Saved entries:

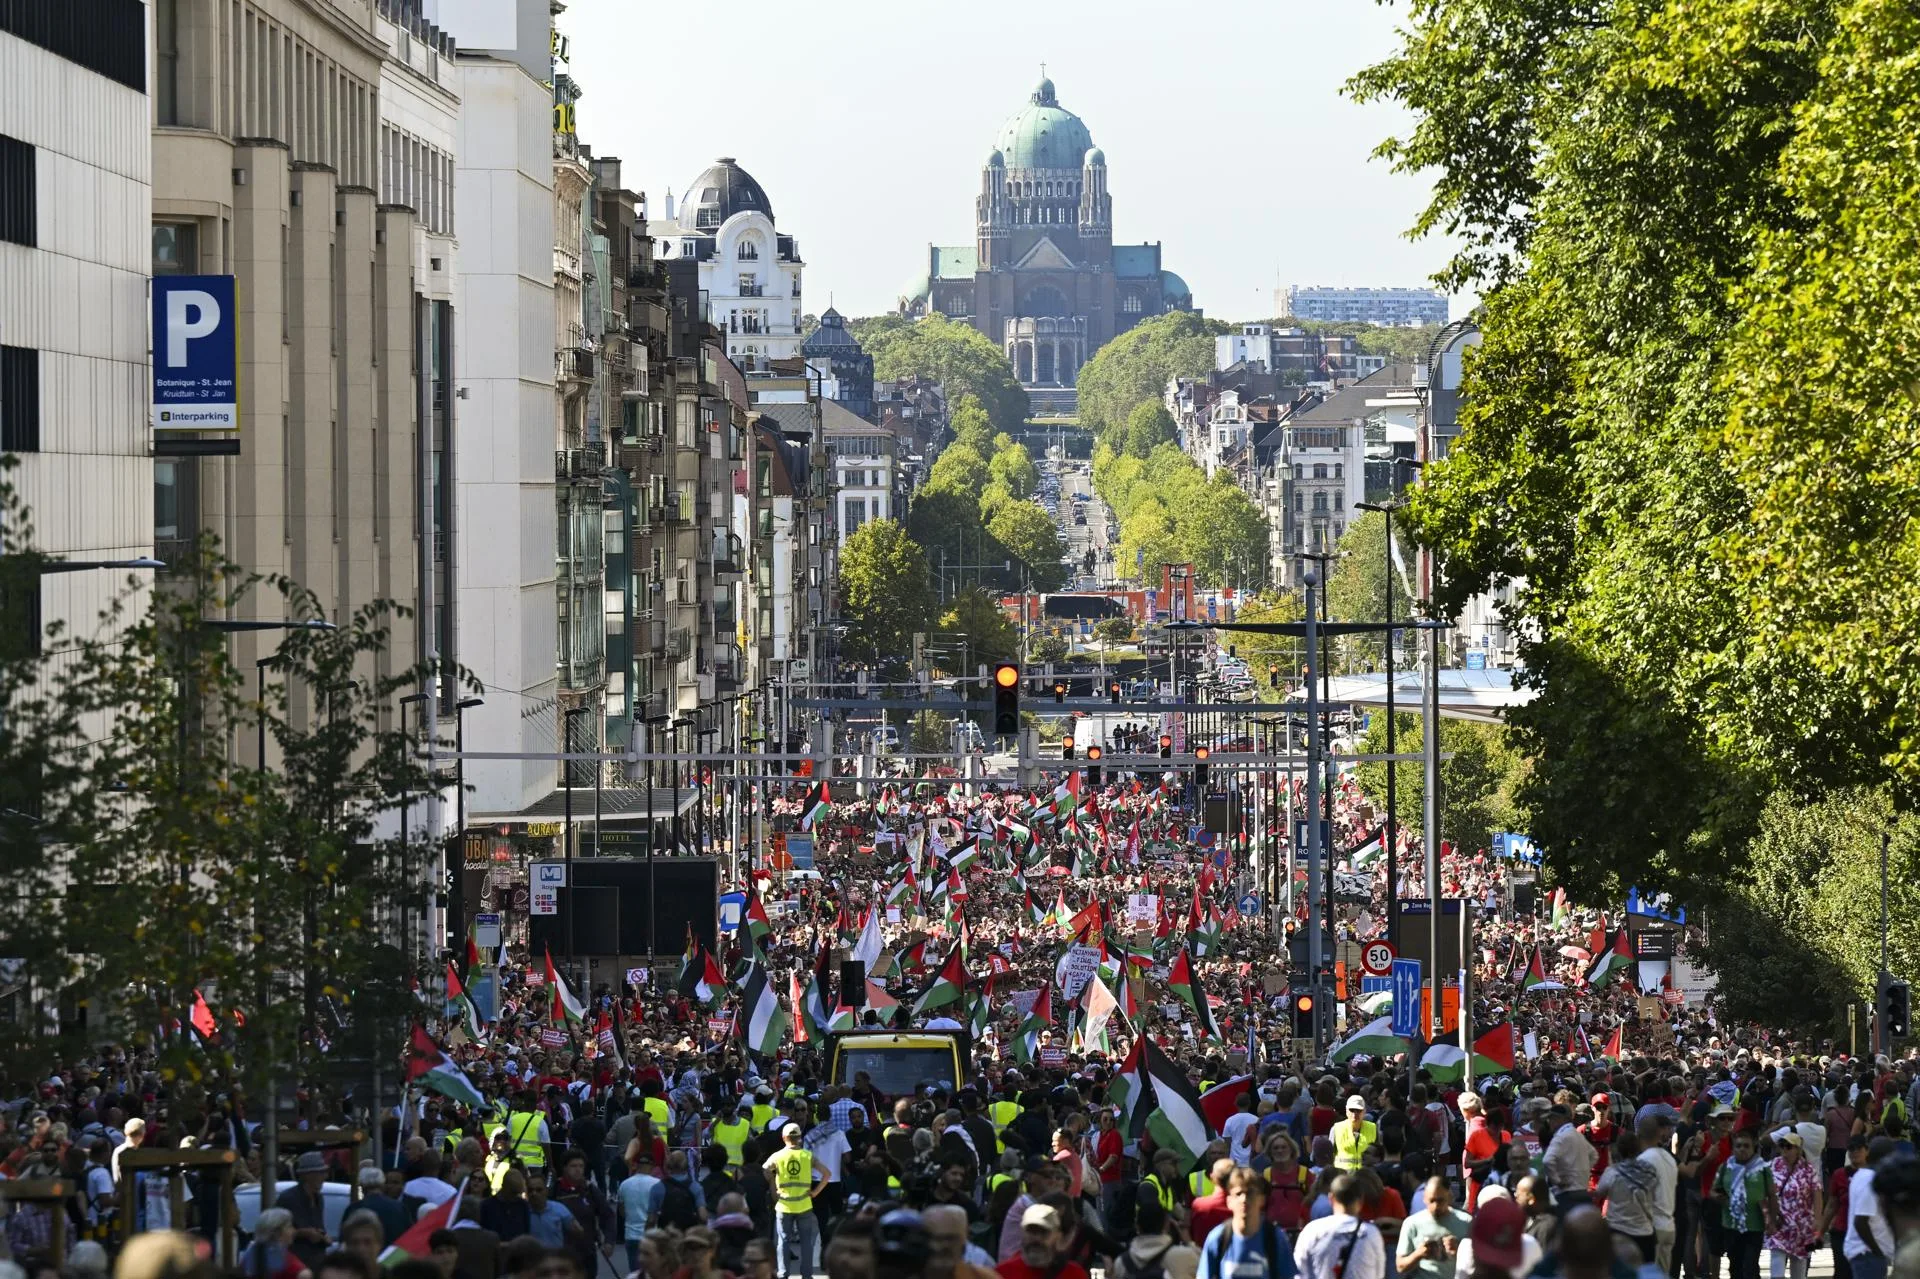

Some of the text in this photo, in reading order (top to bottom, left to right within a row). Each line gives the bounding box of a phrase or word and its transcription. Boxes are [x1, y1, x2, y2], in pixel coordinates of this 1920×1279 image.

[166, 290, 220, 368] P
[157, 379, 195, 388] Botanique
[163, 390, 194, 398] Kruidtuin
[172, 412, 229, 422] Interparking
[1494, 834, 1501, 842] P
[1402, 902, 1409, 912] P
[1370, 950, 1388, 962] 50
[1528, 1143, 1540, 1152] op

Assignment.
The pictures in the data should be omitted, and every remaining line set down exactly.

Solution to the problem.
Some of the text in this photo, in reading order (top to bottom, left to right within a row). Each line gives the bounding box of a phrase or word and its transcription. Boxes are [x1, y1, x2, y2], in pixel coordinates of this 1920×1279 image.

[166, 290, 220, 368] P
[157, 379, 195, 388] Botanique
[163, 390, 194, 398] Kruidtuin
[172, 412, 229, 422] Interparking
[1494, 834, 1501, 842] P
[1402, 902, 1409, 912] P
[1370, 950, 1388, 962] 50
[1528, 1143, 1540, 1152] op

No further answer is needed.